START SOURCE DATA

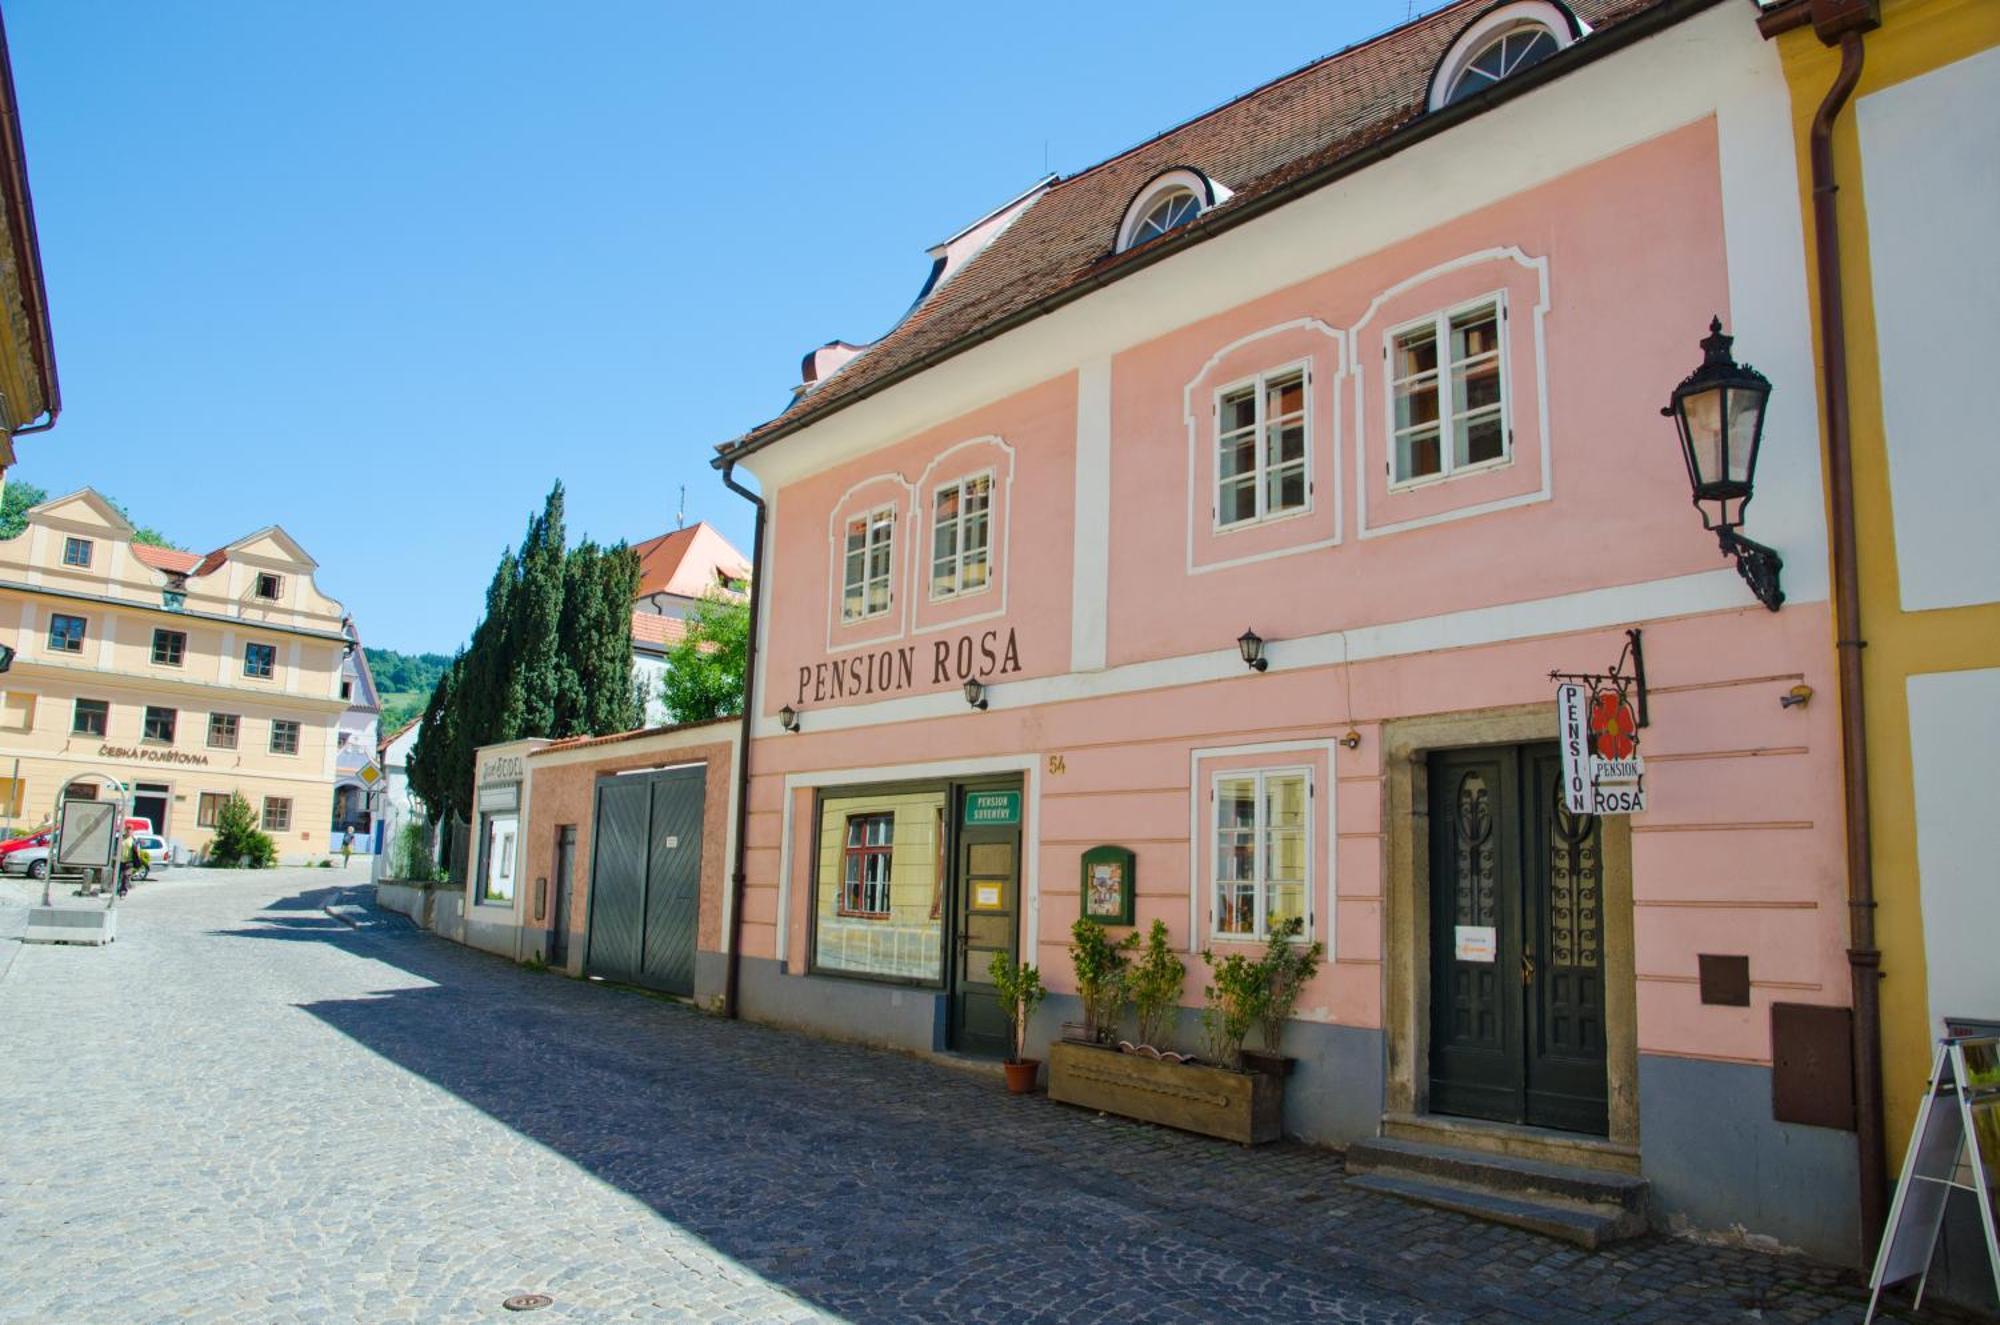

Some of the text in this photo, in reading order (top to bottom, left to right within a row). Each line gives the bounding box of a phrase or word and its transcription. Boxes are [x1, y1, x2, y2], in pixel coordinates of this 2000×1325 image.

[796, 627, 1022, 704] PENSION ROSA
[1566, 687, 1584, 812] PENSION
[1049, 755, 1066, 775] 54
[1597, 760, 1639, 778] PENSION
[977, 796, 1008, 808] PENSION
[1594, 792, 1643, 813] ROSA
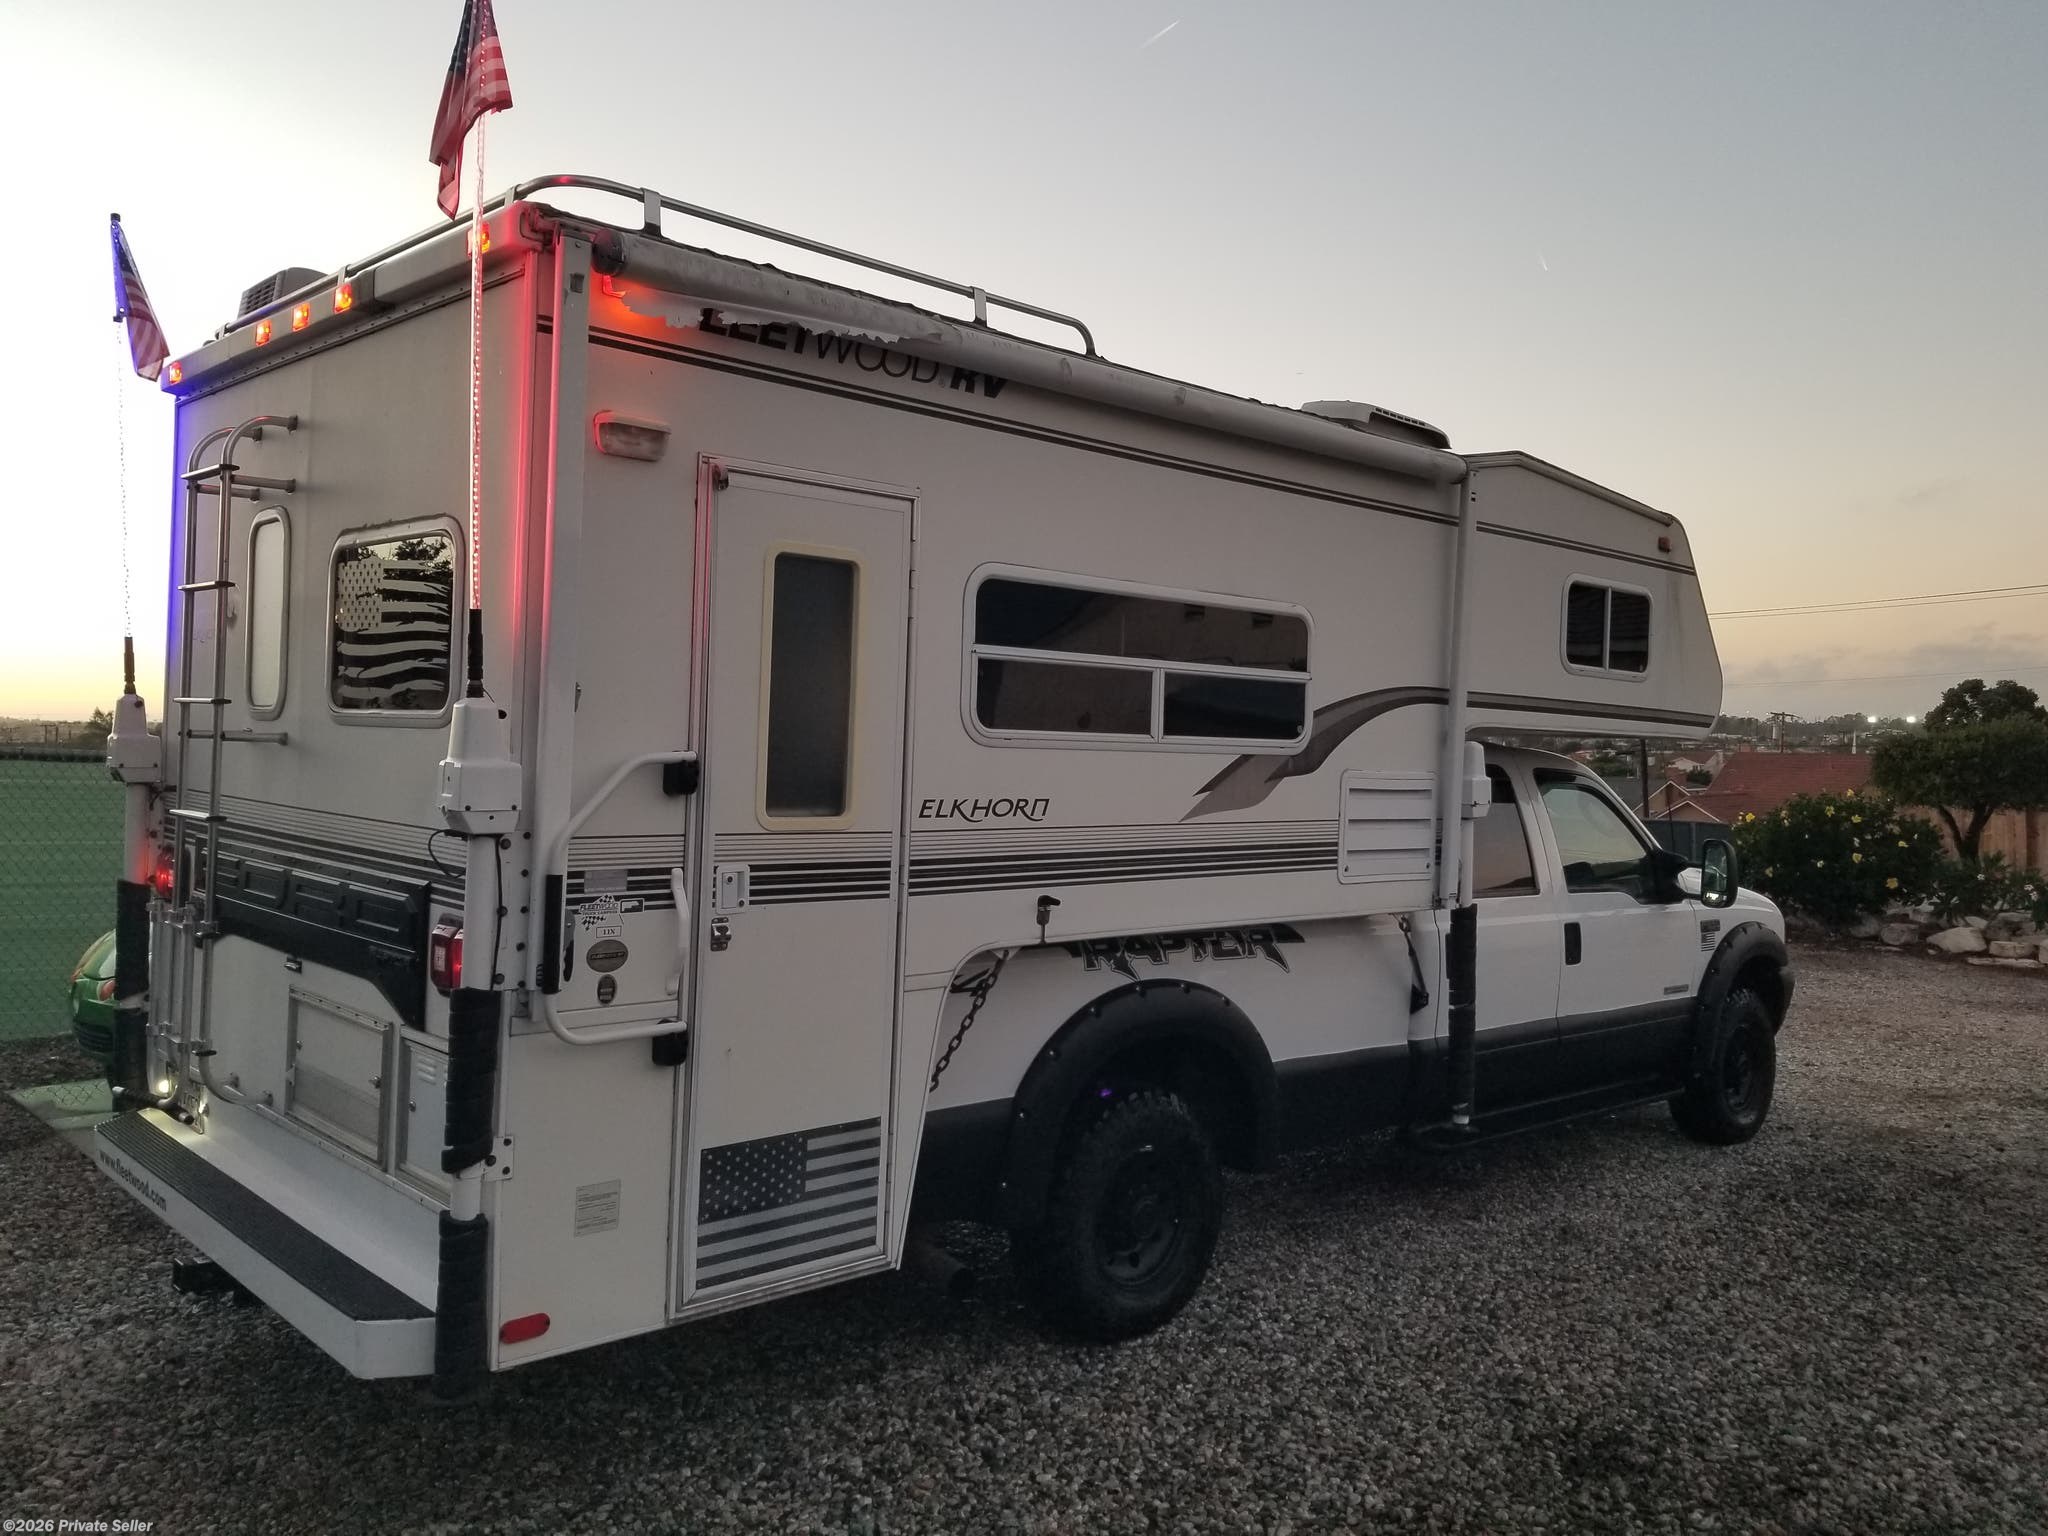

END SOURCE DATA

_EXERCISE DIRECTIONS_: Drop the images; copy every entry above exactly.

_EXERCISE ANSWER_:
Some of the text in this photo, in reading order (top to bottom, left to right within a row). Each line gives the bounding box of a phrase or word and its transcription. Boxes are [x1, y1, x2, y2], in pixel coordinates of this 2000×1325 image.

[796, 627, 1022, 704] PENSION ROSA
[1566, 687, 1584, 812] PENSION
[1049, 755, 1066, 775] 54
[1597, 760, 1639, 778] PENSION
[977, 796, 1008, 808] PENSION
[1594, 792, 1643, 813] ROSA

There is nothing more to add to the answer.